• Keith (unregistered)

    I guess the OP did know that the HMRC one is a phishing scam, not actually from HMRC? If it was genuine the typo about addressing people as "madame" is probably worse.

  • gnasher729 (unregistered) in reply to Tim
    Tim:
    GWO:
    Dwayne really is confused: pythons are constrictors, not venomous.

    Not to mention that Python the programming language is not named for the snake (though have integrated them into the icon).

    Perhaps Dwayne should be informed on the religious bent of all contributors to technology that he uses. Then he and his family can crawl into a cave and huddle shivering (no fire for you!) in the secure knowledge that technology is evil.

    Instead of assuming that Dwayne is stupid, you might assume that Dwayne and a bunch of friends have been writing funny emails to various companies and are eagerly waiting for equally funny answers. Appearing on thedailywtf probably made their day.
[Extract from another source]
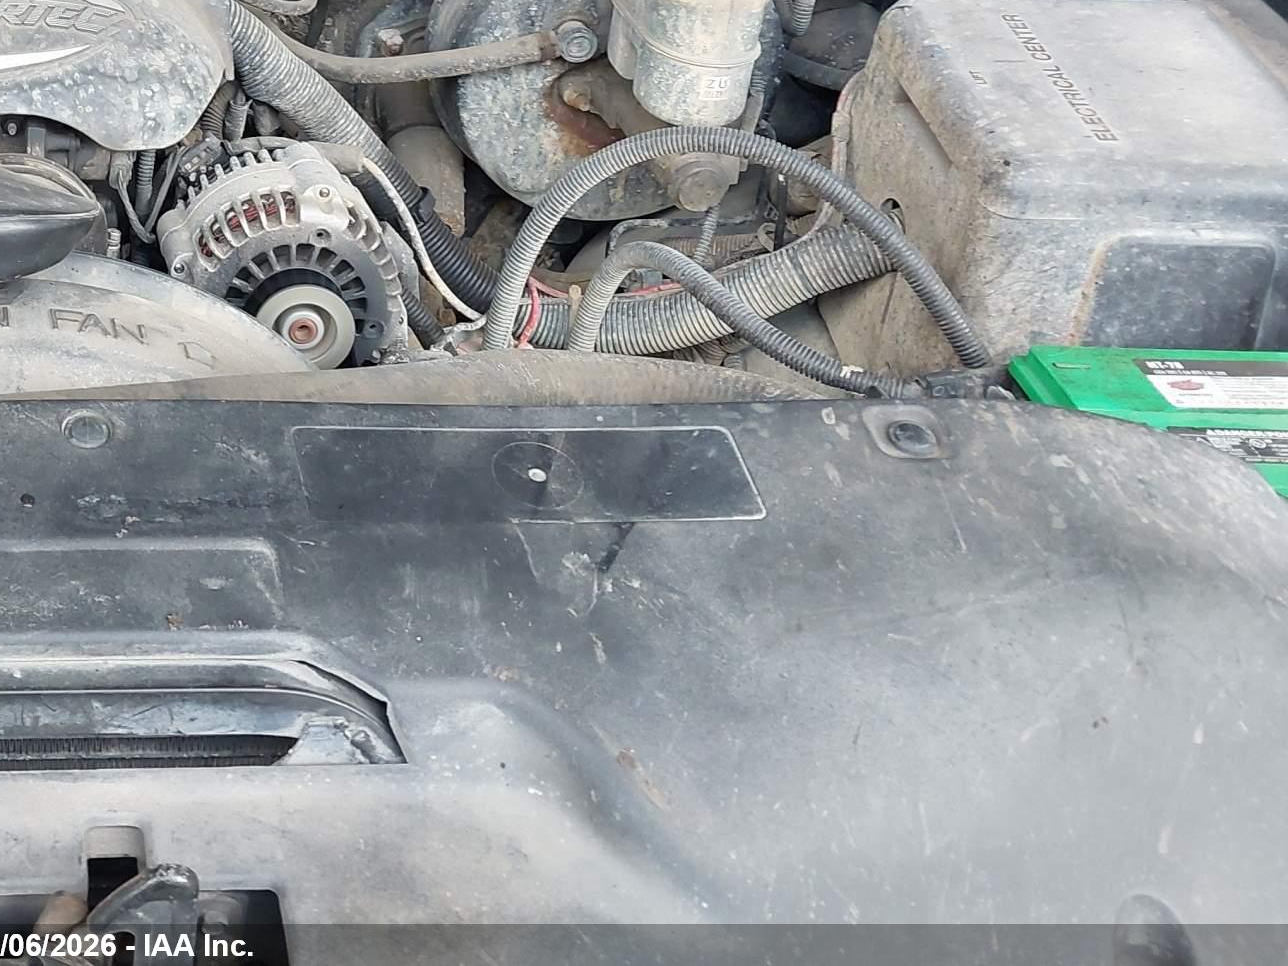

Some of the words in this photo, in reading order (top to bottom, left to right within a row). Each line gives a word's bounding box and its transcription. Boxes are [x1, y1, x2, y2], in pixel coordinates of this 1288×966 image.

[1001, 14, 1052, 62] CENTER
[968, 70, 988, 85] LIFT
[49, 308, 147, 345] FAN
  • gnasher729 (unregistered) in reply to anonymous
    anonymous:
    How tech savvy do you need to be to follow these simple instructions: Right-click the "My Computer" icon on the desktop and select Properties; select the "Computer Name" tab, and highlight and copy the text shown for "Full computer name". Paste it in an e-mail. It's really not difficult.
    In most companies, there are plenty of highly intelligent people who are doing the job they are paid for extremely well, who contribute a lot more than you do to the company's success, and who are not "computer savvy". "Computer savvy" is not in their job description. On the other hand, your instructions to get the computer name are worthless and completely wrong. To get the computer name, you click on "System Preferences" in the "Apple" menu, then enter "Computer Name" in the search box and hit the "Return" key. Maybe you just made some unjustified assumptions here, and when you said "Tech savvy" you actually meant "using Windows and Windows savvy"?

    All that aside, the tech person apparently managed to get most computer names, but not all, just by sending out an email, which I would claim to be a success. That tech person might also not want to know what computer names his users actually have, but what they think they have, so if a user reports problems with "Joe Smith's Laptop" the tech person knows wich computer it is, even though that is not the computer name.
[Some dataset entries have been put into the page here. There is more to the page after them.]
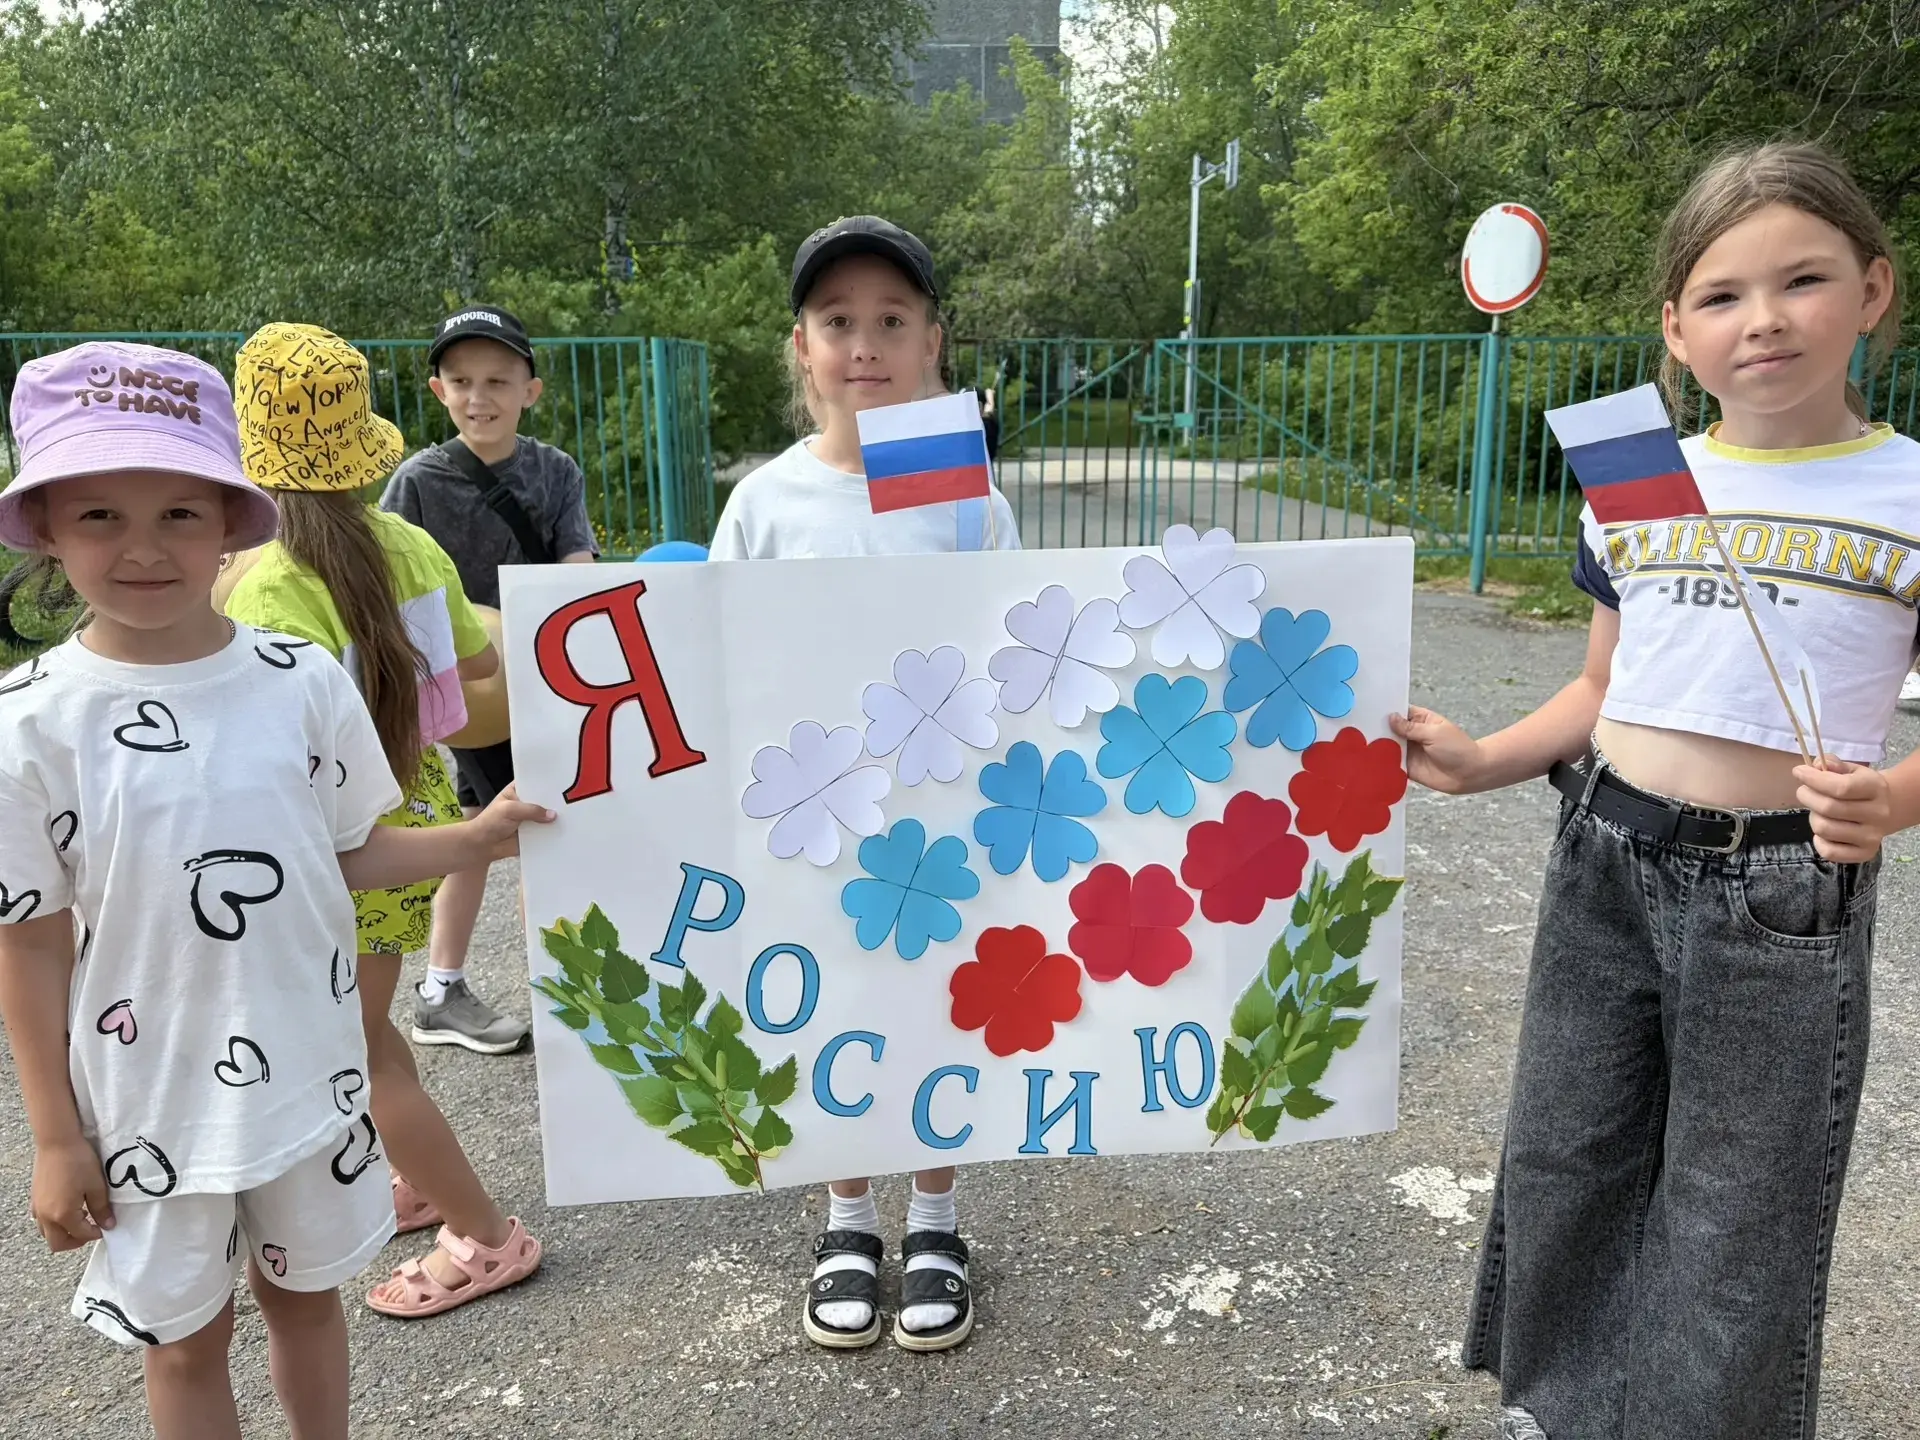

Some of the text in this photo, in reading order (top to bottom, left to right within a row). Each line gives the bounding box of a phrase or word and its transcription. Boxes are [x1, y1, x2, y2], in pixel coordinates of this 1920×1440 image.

[74, 388, 114, 407] TO
[118, 366, 200, 403] NICE
[118, 392, 202, 425] HAVE
[271, 440, 340, 491] TOKYO
[534, 579, 707, 803] Я
[650, 862, 1216, 1156] РОССИЮ
    From the user's point of view, the response may have been a failure, but WTF stands for "worse than failure". The user did very clearly communicate that he was not able to find out the name of his computer. That's a failure which is easily fixed. "WTF" would be intentionally telling the tech person the wrong information, and if asked whether you followed the instructions lying about it.

  • Anonymous (unregistered) in reply to gnasher729
    gnasher729:
    On the other hand, your instructions to get the computer name are worthless and completely wrong. To get the computer name, you click on "System Preferences" in the "Apple" menu, then enter "Computer Name" in the search box and hit the "Return" key. Maybe you just made some unjustified assumptions here, and when you said "Tech savvy" you actually meant "using Windows and Windows savvy"?
    Calling someone wrong because they made a different assumption than you on some information that wasn't given is retarded. Yes, I assumed Windows. Yes, I could've just as easily assumed Mac OS. No, it makes no difference, because the instructions are simple either way, even if they're not identical for both scenarios.
  • Anonymous (unregistered) in reply to Aigarius
    Aigarius:
    Also, didn't he say he needed computer names?
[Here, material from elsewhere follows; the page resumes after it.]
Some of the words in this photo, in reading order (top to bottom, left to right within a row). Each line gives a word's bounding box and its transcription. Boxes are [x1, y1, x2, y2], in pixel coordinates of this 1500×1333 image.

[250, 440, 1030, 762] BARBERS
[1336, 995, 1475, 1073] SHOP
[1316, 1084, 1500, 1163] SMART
    Why in this day and age one would care what a computer calls itself? If you are setting up a network - base it on a MAC address, preferably linked to the physical port on the switch that the computer is supposed to be plugged into. If you want some kind of uniform host name - then you should be communicating it to user and not the other way around. There should be NO scenario in which a network admin would need to ask users or computers for their hostnames. It's a nickname. Use real data.

    Implying that the MAC address is in any way reliable and cannot be changed.

  • (cs)

    TRWTF is that in France, there really is a tax on data storage. It's supposed to "compensate" copyright holders.

  • Stuart (unregistered)

    The comments have more WTF's than the article. I think all of the commenters are still a bit slow/hungover/pissed/whatever from the Christmas cheer and that, or all the people with double figure IQ's are on holiday still and don't check the site from home.

    Most hilarious read I've had for a while.

  • anonymous (unregistered) in reply to Stuart
    Stuart:
    The comments have more WTF's than the article. I think all of the commenters are still a bit slow/hungover/pissed/whatever from the Christmas cheer and that, or all the people with double figure IQ's are on holiday still and don't check the site from home.
    I know for a fact that when I've eaten enough turkey my IQ drops by about twenty points.